J’arrive Enliana, je suis en chemin.
Ta mère,
Hildarel
— Alors nous aurons une demi-elfe et une elfe aux Enfers, affirma Hadès.
Elle fut scandalisée par ses paroles.
— Vous ne pouvez pas me retenir ici !
— Et pourquoi ça ?
— Des elfes n’ont rien à faire dans votre monde !
— Très bien, nous allons donc conclure un marché. Essaie de trouver la sortie des Enfers. Je te laisse douze heures pour y parvenir. Si tu y arrives, tu seras libre de partir et de retrouver ta mère. Mais si tu échoues, tu seras au service de Minos.
— Quoi ?! Vous voulez rire ?! Il n’en est pas question !
— Je ne te laisse pas le choix. Et baisse d’un ton lorsque tu t’adresses à un dieu ! Un sablier apparaîtra à ta demande pour gérer ton temps.

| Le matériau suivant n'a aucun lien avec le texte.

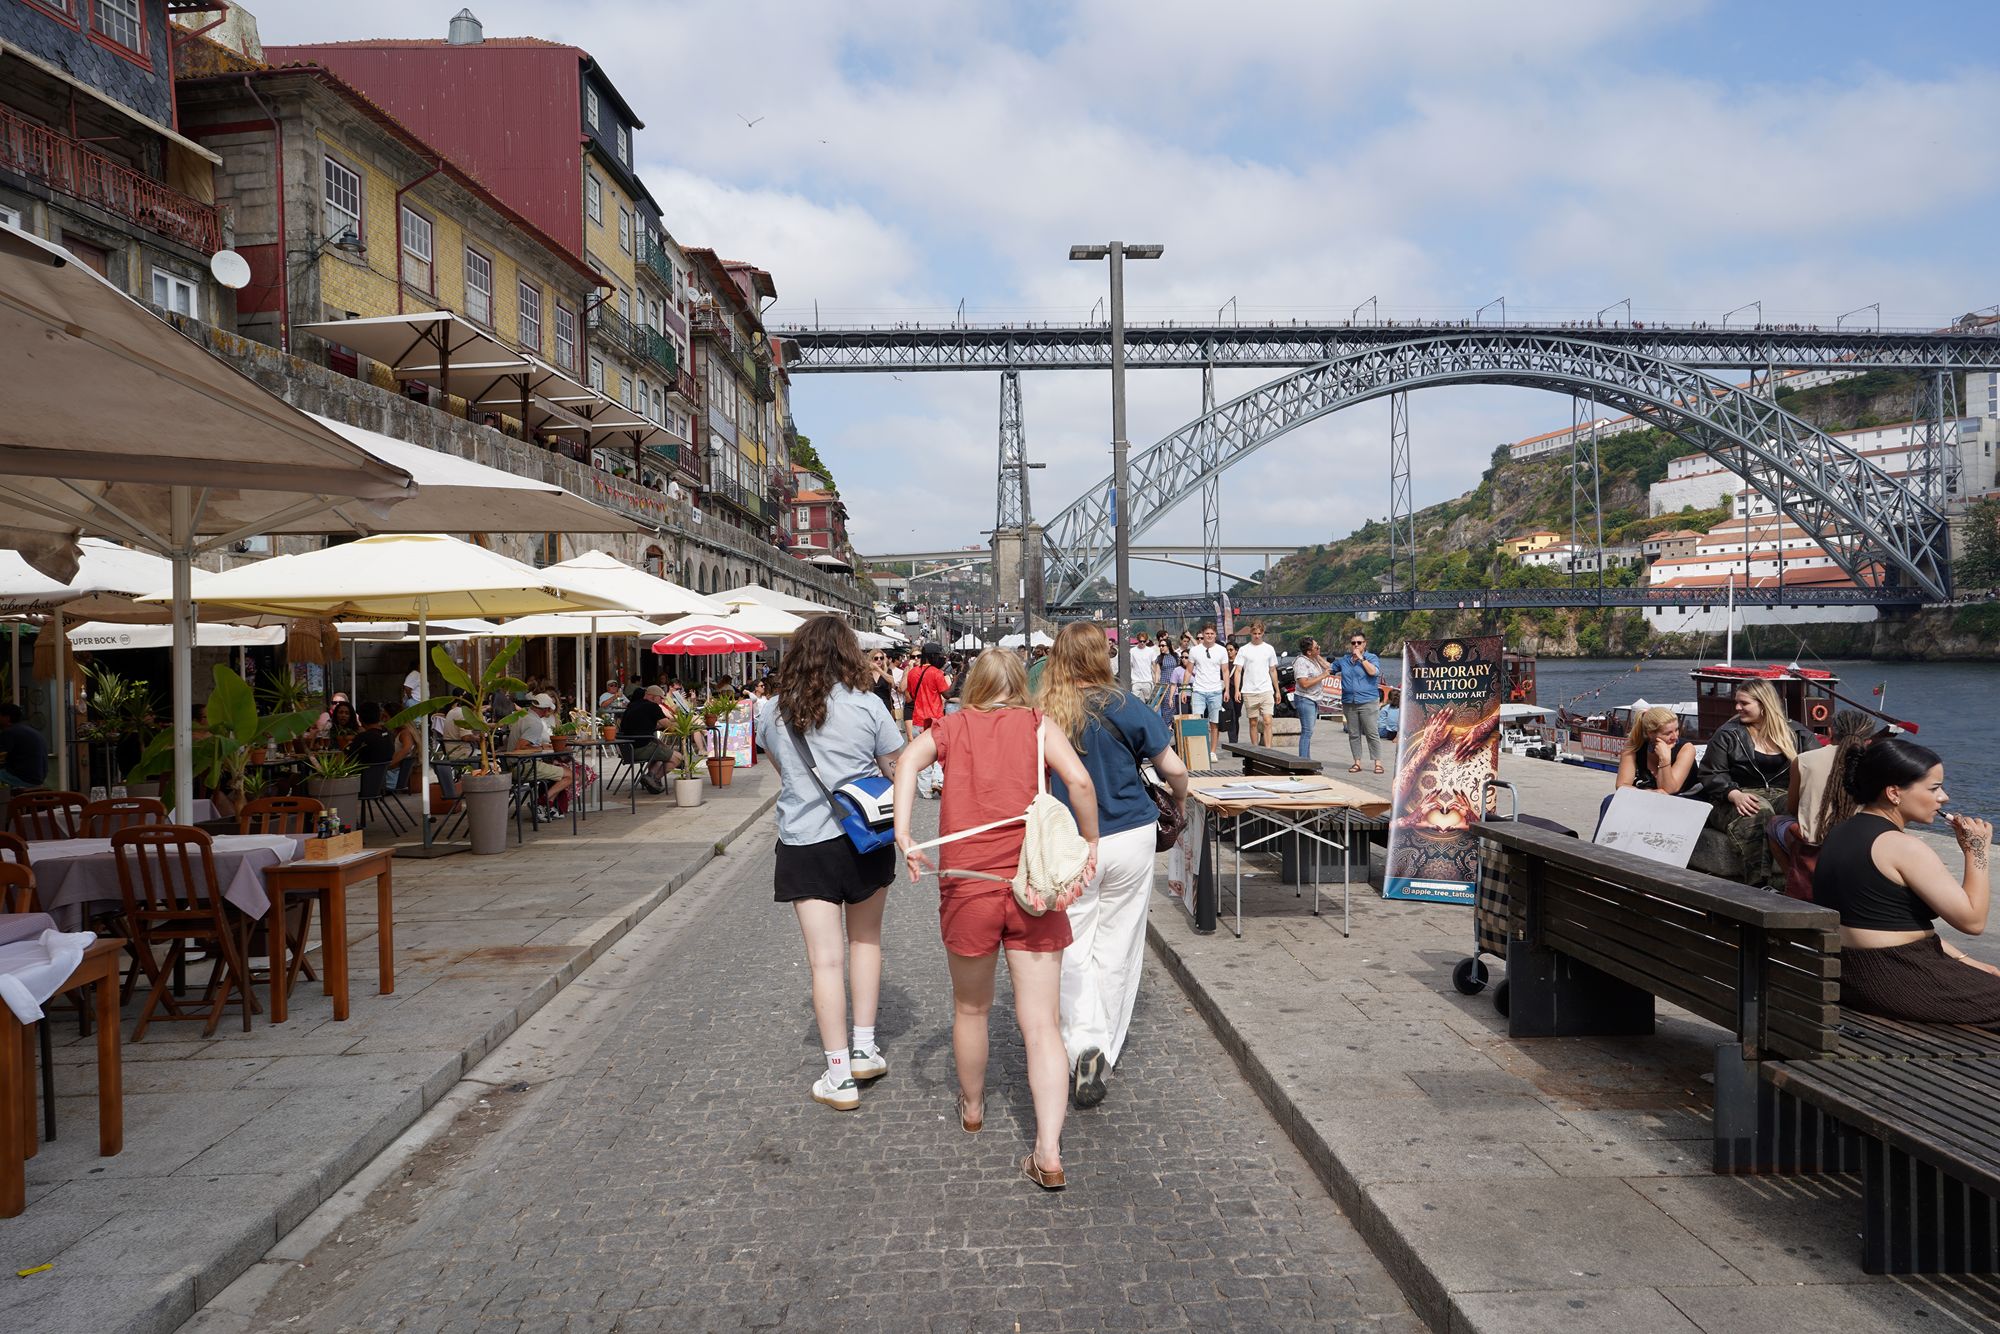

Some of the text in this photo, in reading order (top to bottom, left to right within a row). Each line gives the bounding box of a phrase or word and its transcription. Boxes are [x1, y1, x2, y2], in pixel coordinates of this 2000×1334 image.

[71, 637, 93, 645] UPER
[95, 636, 117, 645] BOCK
[1413, 664, 1492, 679] TEMPORARY
[1426, 678, 1478, 691] TATTOO
[1416, 690, 1487, 700] HENNA BODY ART
[1411, 888, 1475, 898] apple_tree_tattoo
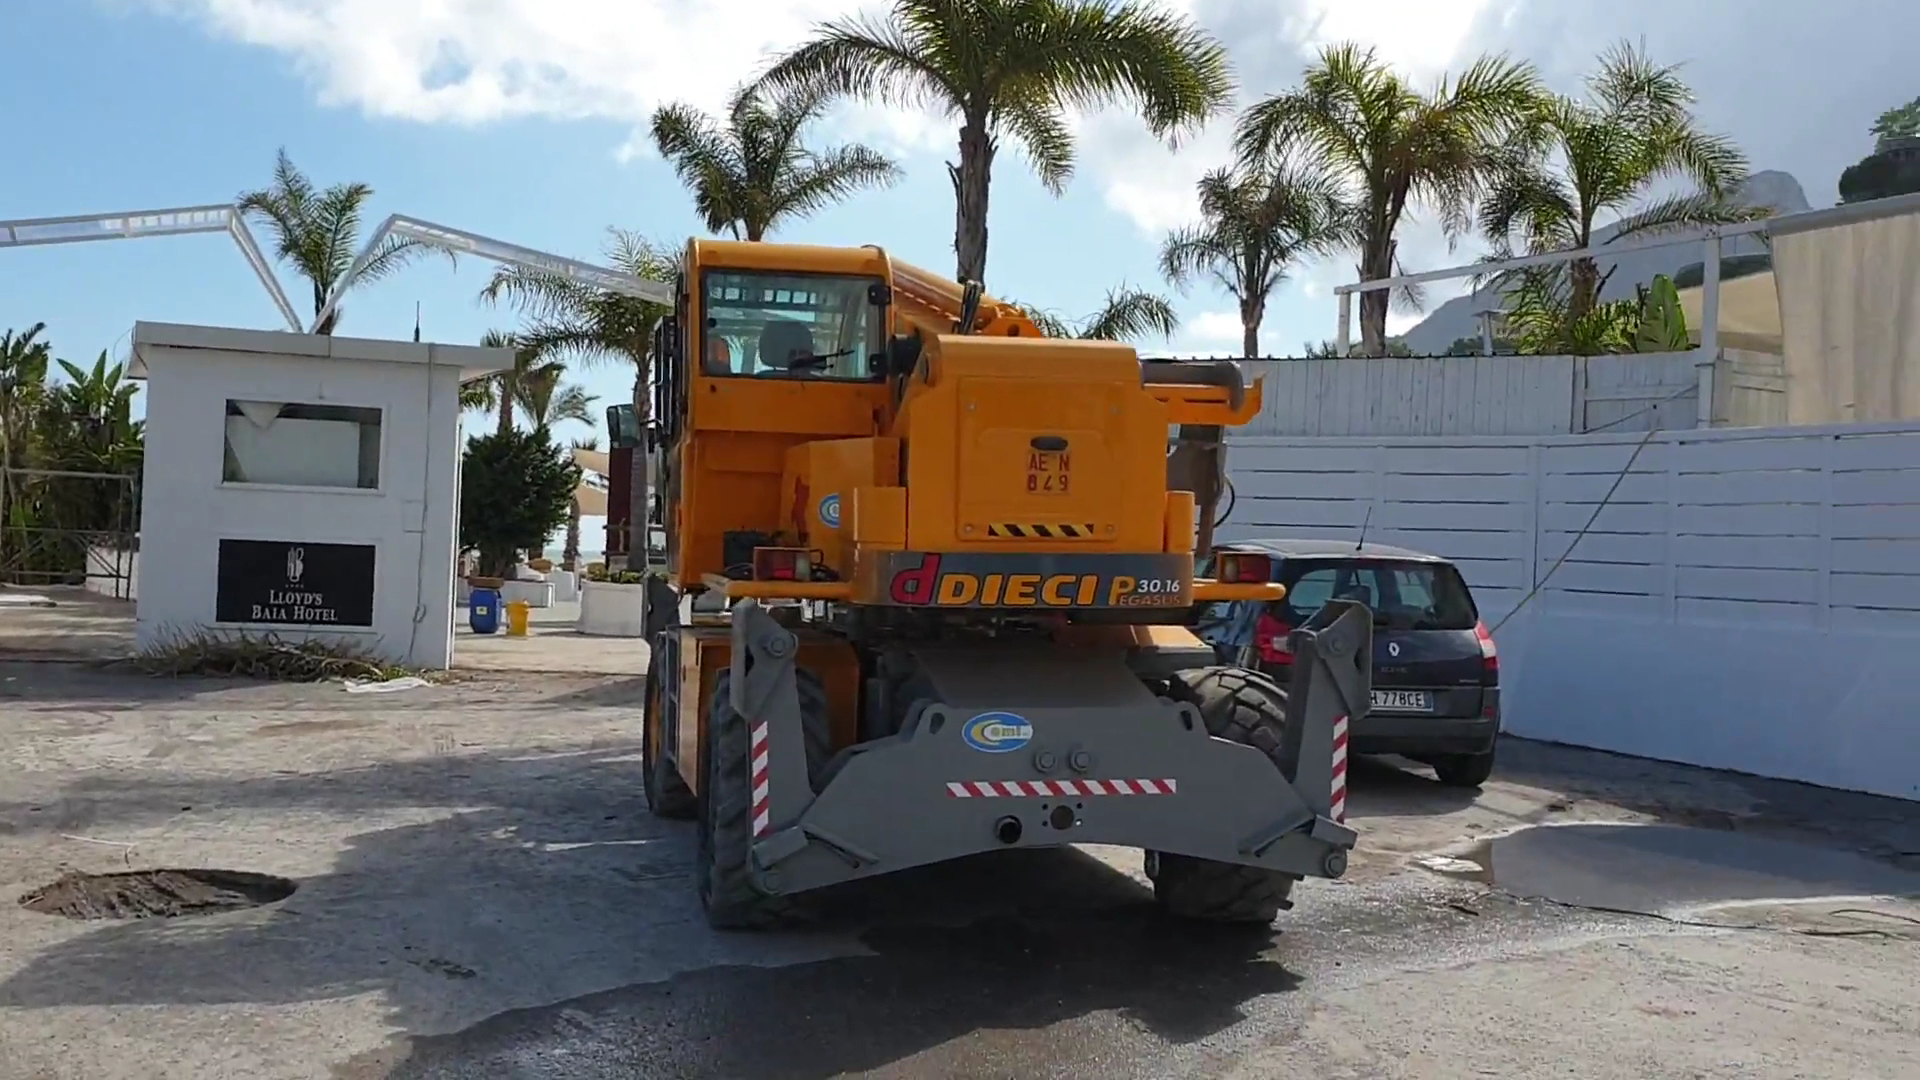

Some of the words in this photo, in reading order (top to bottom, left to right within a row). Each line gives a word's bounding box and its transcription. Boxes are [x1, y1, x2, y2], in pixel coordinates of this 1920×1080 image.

[1028, 453, 1049, 471] AE
[1059, 453, 1070, 471] N
[1137, 579, 1180, 593] 30.16
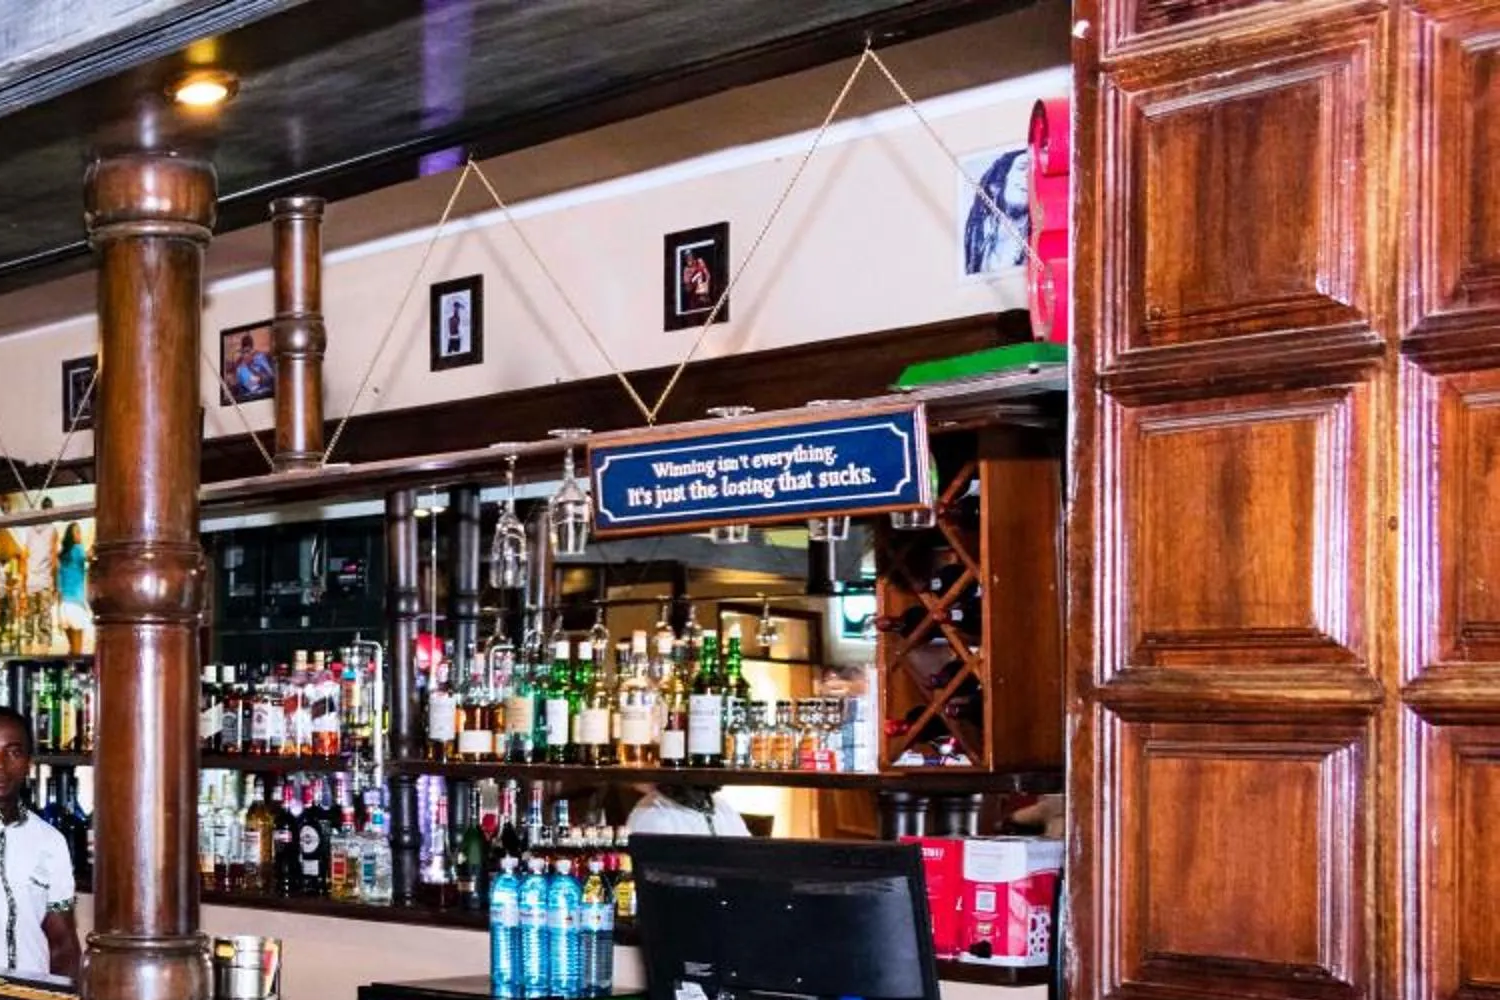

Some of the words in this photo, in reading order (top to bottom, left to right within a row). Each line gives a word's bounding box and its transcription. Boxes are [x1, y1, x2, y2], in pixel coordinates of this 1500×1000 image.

Maintenant pars vite, le sable coule.
Elle se tourna vers Minos.
— Alors c’était pour ça que tu voulais voir Pandore ?! Matochak ! Mibelak ! Digustas me !
La demi-elfe ressortit de Giudecca en furie et en baragouinant des insultes en daianien.
— Je crois qu’elle vient de t’avouer tout son amour pour toi Minos, se moqua Eaque.
Pandore annonça aux juges que la guerre contre Athéna allait bientôt commencer. Elle leur demanda de réunir tous les spectres afin qu’elle leur explique la stratégie à mener.
[Un elfe enfermé dans les ténèbres attrape une pâleur maladive, ses forces s’amenuisent lentement jusqu’à en mourir. Peut-être que ta partie humaine te permettra de survivre plus longtemps qu’un elfe pure. Utilise la formule de soin « Sivanemus me » pour résister autant que possible] Enliana était restée à l’extérieur, son foulard toujours sur ses épaules. Minos sortit également du bâtiment. Il la regarda s’éloigner tandis que les deux autres juges partaient à la recherche des spectres, dispersés un peu partout dans les Enfers afin de donner les directives. Minos décida de suivre la jeune femme en toute discrétion.
À Linione, Hildarel se précipita vers un petit coffre disposé sur une table. Elle l’ouvrit et en sortit une dague à lame noire. C’était une arme huonsan, dite la tueuse d’elfe à cause du poison qu’il répandait dans le corps de ses victimes les menant ainsi à une mort certaine. À chaque coup, une nouvelle dose de poison se diffusait et la lame en était inlassablement chargée. De toutes les armes, celle-ci étaient la plus redoutée des elfes. Pourquoi prendre un tel risque ? La jeune femme semblait déterminée à sortir sa fille de cet « enfer » et il n’était pas question qu’un ennemi lui barre la route. S’il tentait quoi que ce soit pour l’empêcher d’avancer, il le paierait de sa vie. Hildarel attendit la nuit pour se sauver du palais car la plupart des elfes profitaient de cet instant afin d'entrer en méditation. Aucun ne la verrait s’enfuir vers la porte ouest, personne ne pouvait plus la retenir, pas même ses propres parents, les souverains de ce royaume. La sentinelle de l’ouest ne vit aucun inconvénient à laisser passer Hildarel. Il savait que les elfes étaient capables d'une grande discrétion. Cette porte la mena tout droit en Grèce. Elle mit sa capuche verte afin de dissimuler ses oreilles pointues puis s’aventura dans ces nouvelles terres.